All day I’ve been wondering how the work of Brazilian artist Lygia Clark (1920-1988) might influence “Love At First Si/ght/te.” Above you will find image-pathways that lead to some of Clark’s ideas. (Do you mind if I call her Lygia?) The trajectory of Lygia’s oeuvre in one sentence: She transitioned from Constructivist painting to sculpture to relational art (for lack of a better word) and finally to what has been called “therapy.”

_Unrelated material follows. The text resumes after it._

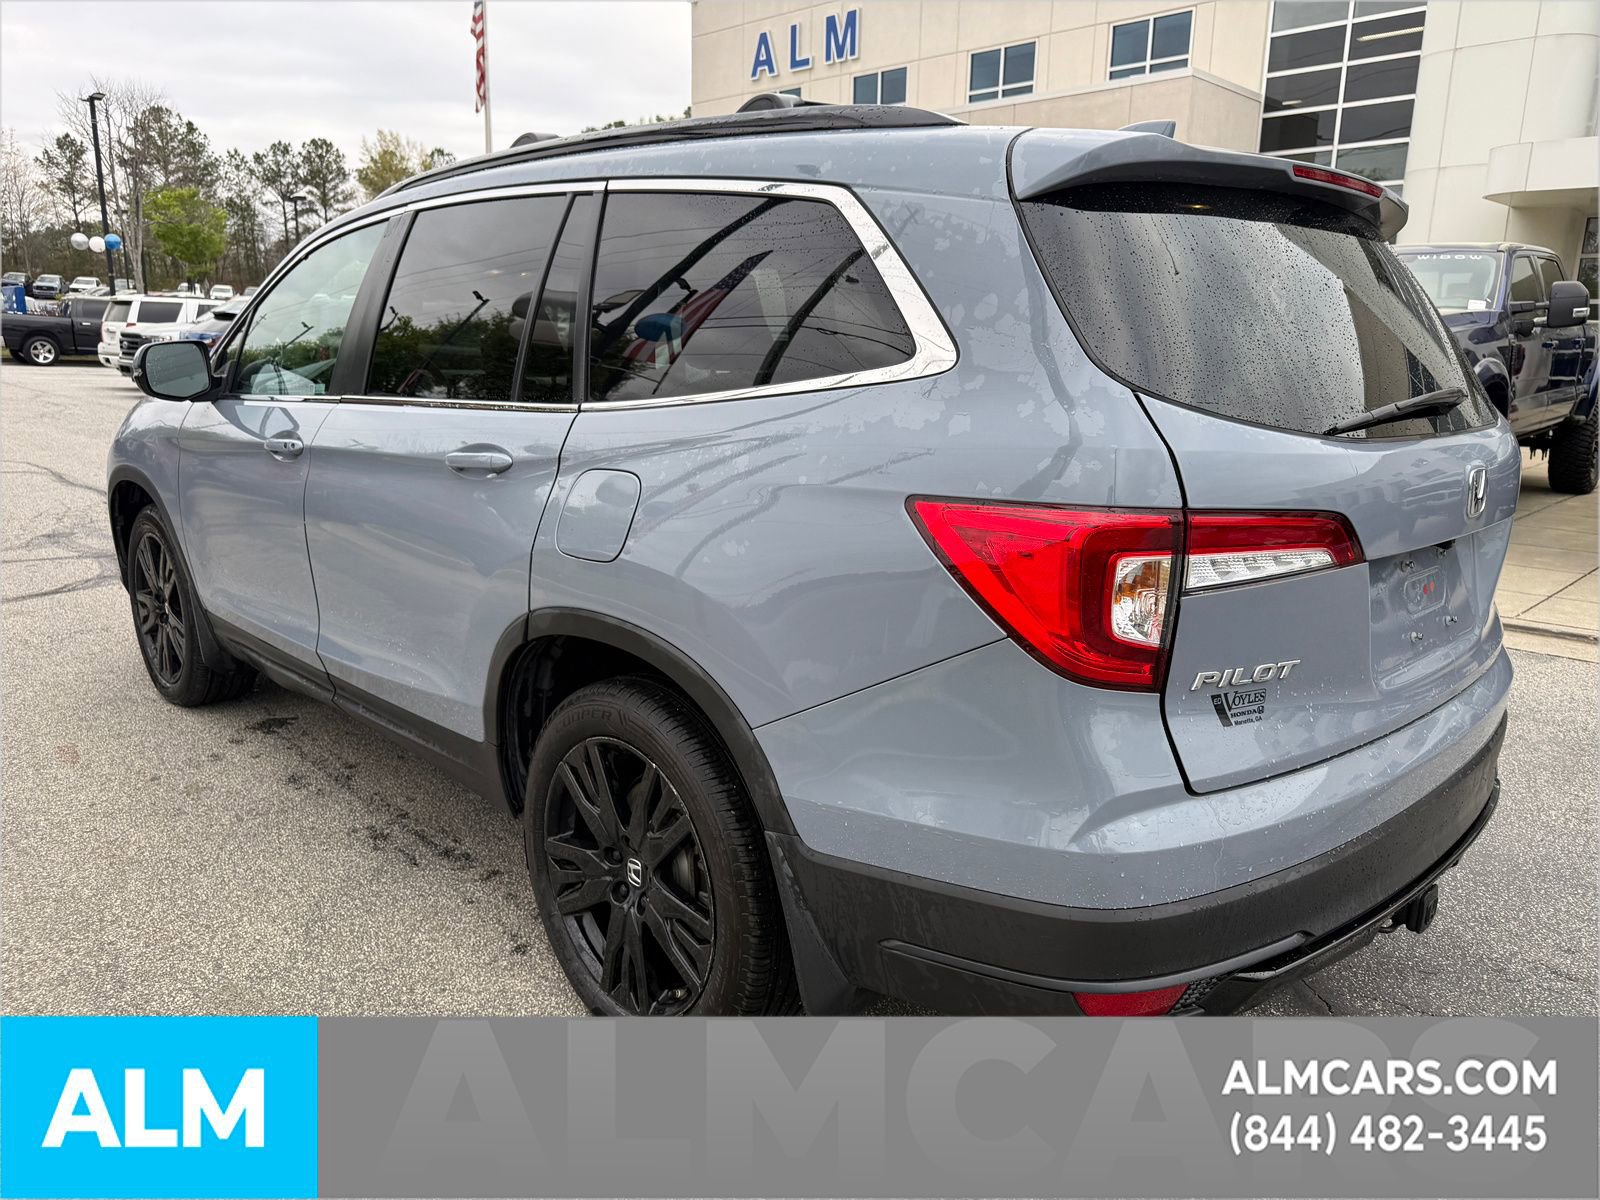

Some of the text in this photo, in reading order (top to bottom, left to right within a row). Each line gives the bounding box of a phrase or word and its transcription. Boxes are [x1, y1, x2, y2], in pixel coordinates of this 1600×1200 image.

She is not a household name in the U.S. (how many female visual artists are?), but very much respected in the art world. Maybe Lygia is not well known because her entire oeuvre thwarts fetishization of the object and thus presents major curatorial challenges. “She attempted to escape both the notion of artist as ‘genius,’ and the supremacy granted to the object which implicitly forces the viewer into a role of passive contemplation,” Juan Vincente Aliaga notes in a 1998 issue of frieze.

After 1965, she labeled all of her works “propositions”: a set of rules created by the artist, using easy-to-find props, that are activated (or “made”) by others. The propositions only exist in the “now” and cannot be documented or sold or exhibited post-activation. You should also know that many of Lygia’s propositions emphasize non-visual experience (auditory, kinetic, haptic, olfactory) and attempt to collapse the mind/body duality. Said another way, the maker of a proposition may have an experience that compels him/her to reconsider the way s/he’s been taught to think about the body/self. I don’t know for sure. I’ve never made a proposition. I’m only imagining. Indeed, Lygia, like Arzu, is binary terrorist who collapses dichotomies: mind/body; intellect/senses; objective/subjective; author/spectator; object/spectator and so on.

What does Arzu plan to do with the rope and elastic bands? Is she using other props that she’s not telling me about? Lygia’s propositions require the makers to wear plastic boiler suits and Mobius-strip handcuffs.

Is Arzu’s last email a proposition for you and me, the spectators? She’s set some parameters (or rules)—the performance’s title and Lygia Clark, for example—and now I use what I think I know so far about “Love At First Si/ght/te” to produce color commentary about Arzu’s artistic process.

Am I not making my own “Love At First Si/ght/te”?